November 2, 2021
Truth has not special time of its own.
Its hour is now—always and indeed then most truly when it seems unsuitable to actual circumstances.
I am down with a killer cold so here is another reprint.
Ray’s Daily first published on November 2, 2005
Have you sometimes wished that you could always see things through rose colored glasses? I have occasionally even though it would be a problem if I did. When you get right down to it we are much better off seeing things as they are versus seeing them as we would like them to be. Don’t get me wrong I am not advocating pessimism, I am advocating recognizing both the good and the bad, and when we do that we embrace the good and either ignore or get over the bad.
I wish everyone would feel the same way. I wonder sometimes what I am missing when I hear leaders saying that things are going well in Iraq or that the economy is doing well even though we continue to build massive debt. It seems to me that when they speak this way they either are trying to con the public or they don’t realize reality, I don’t know what is worse.

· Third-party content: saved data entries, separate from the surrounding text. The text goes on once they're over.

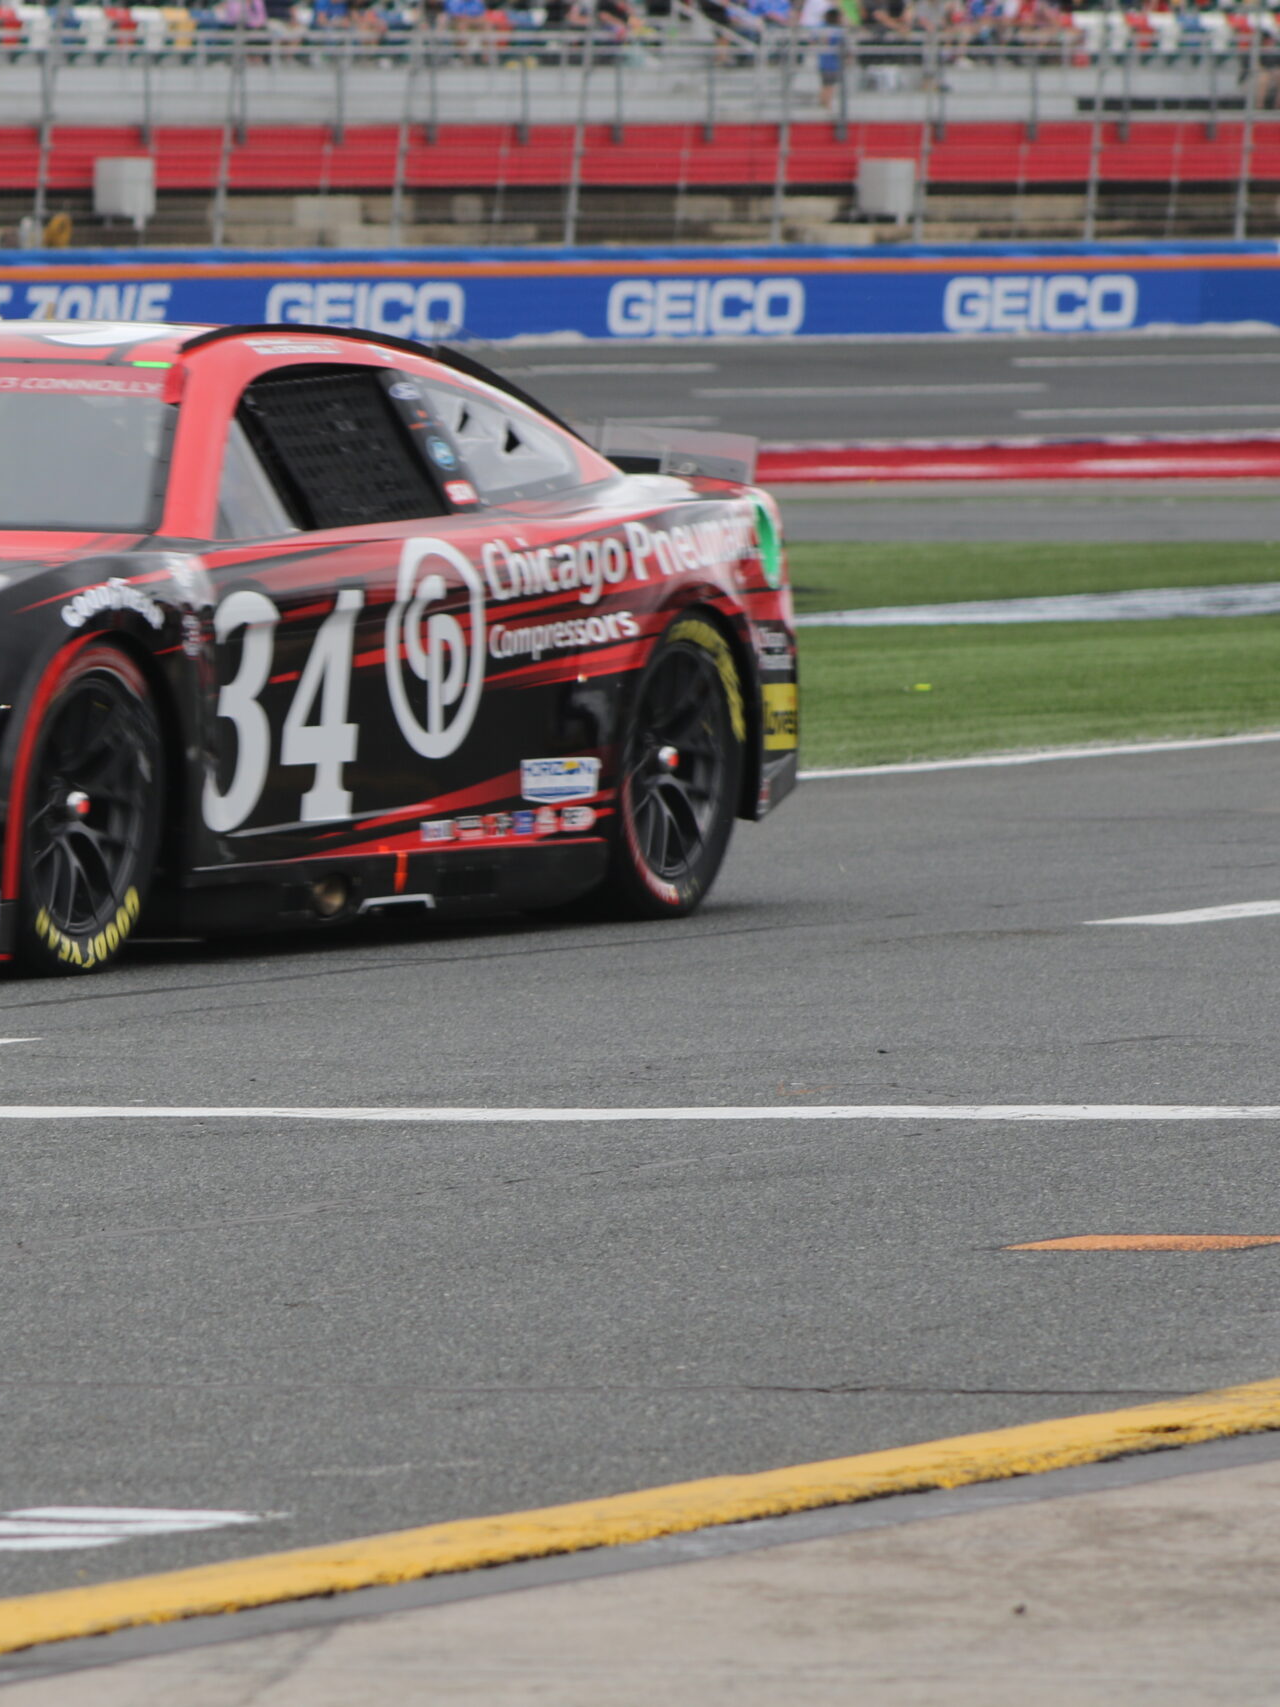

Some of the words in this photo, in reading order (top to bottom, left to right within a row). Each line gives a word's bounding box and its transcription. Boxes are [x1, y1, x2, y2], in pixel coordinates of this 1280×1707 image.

[24, 283, 172, 322] ZONE
[265, 281, 466, 338] GEICO
[606, 278, 805, 337] GEICO
[942, 274, 1138, 332] GEICO
[482, 537, 628, 605] Chicago
[623, 520, 763, 581] Pneuma
[488, 610, 640, 660] Compressors
[201, 589, 365, 832] 34
[35, 885, 140, 969] GOODYEAR

Meanwhile yours and my life goes on. I am sorry that my friend Sara will be leaving Indianapolis for good by the end of the year, but I am happy she is doing so in order to enter the next phase her life including her marriage. Another friend will soon be packing to move back to Iceland and his family. I will always have fond memories of the times we had together and the things he did for me and so many others.

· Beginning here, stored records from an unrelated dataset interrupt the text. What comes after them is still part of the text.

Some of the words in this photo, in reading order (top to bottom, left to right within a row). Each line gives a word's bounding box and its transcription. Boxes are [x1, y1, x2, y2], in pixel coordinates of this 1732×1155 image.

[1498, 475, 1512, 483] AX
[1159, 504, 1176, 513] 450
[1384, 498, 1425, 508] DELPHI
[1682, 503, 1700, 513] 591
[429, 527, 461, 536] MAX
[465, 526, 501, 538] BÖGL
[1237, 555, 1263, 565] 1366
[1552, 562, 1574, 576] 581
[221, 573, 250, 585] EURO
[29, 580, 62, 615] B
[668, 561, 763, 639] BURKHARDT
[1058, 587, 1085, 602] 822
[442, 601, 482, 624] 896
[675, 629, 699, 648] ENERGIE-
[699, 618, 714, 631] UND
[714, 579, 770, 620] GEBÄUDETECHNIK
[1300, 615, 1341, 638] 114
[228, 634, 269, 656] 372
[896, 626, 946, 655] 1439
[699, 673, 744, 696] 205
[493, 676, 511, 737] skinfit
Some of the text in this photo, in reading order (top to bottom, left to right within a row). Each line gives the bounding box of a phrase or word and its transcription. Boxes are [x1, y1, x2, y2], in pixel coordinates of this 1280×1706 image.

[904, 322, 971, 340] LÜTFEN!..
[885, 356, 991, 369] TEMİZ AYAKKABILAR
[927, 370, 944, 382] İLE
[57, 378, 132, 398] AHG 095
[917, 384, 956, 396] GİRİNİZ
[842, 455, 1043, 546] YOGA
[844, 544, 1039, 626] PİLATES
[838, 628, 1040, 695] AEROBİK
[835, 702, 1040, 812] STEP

I was saddened by the death of a fellow service club member. He was a man who unselfishly gave of himself over many years, as a judge, educator, and humanitarian. He will be missed.

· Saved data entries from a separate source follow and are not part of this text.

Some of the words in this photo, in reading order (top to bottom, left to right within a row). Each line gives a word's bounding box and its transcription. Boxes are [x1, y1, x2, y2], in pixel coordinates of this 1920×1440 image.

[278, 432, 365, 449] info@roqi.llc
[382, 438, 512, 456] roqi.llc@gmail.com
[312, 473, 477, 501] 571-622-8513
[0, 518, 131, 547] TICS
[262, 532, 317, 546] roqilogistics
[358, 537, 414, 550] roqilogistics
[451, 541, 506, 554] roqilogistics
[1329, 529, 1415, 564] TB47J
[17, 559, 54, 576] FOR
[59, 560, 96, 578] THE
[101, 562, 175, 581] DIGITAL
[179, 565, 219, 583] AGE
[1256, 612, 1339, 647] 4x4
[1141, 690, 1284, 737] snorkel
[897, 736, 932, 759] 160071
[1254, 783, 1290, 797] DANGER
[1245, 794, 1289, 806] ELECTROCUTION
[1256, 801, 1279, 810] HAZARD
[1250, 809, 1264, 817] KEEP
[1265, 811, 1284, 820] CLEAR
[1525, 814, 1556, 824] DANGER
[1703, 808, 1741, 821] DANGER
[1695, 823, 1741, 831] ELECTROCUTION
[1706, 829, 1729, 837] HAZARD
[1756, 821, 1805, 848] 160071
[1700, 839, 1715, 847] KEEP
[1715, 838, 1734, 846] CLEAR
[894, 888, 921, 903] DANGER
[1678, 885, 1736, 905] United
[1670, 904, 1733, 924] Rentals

We are challenged every day. We can either let things get us down or fall back on our resiliency to rise above the bad times so we can see the good. I just wish people would quit trying to con us and instead share the facts. I think we all could handle truth, even on a regular basis. Maybe if they understood that winning is not nearly as good as living the good life, they would quit.
What a man believes upon grossly insufficient evidence is an index into his desires — desires of which he himself is often unconscious. If a man is offered a fact which goes against his instincts, he will scrutinize it closely, and unless the evidence is overwhelming, he will refuse to believe it. If, on the other hand, he is offered something which affords a reason for acting in accordance to his instincts, he will accept it even on the slightest evidence. The origin of myths is explained in this way.
Helpful Hints for the Inexperienced Traveler
Be very suspicious if the advertised price of a Caribbean cruise includes the phrase “Free Ammo”.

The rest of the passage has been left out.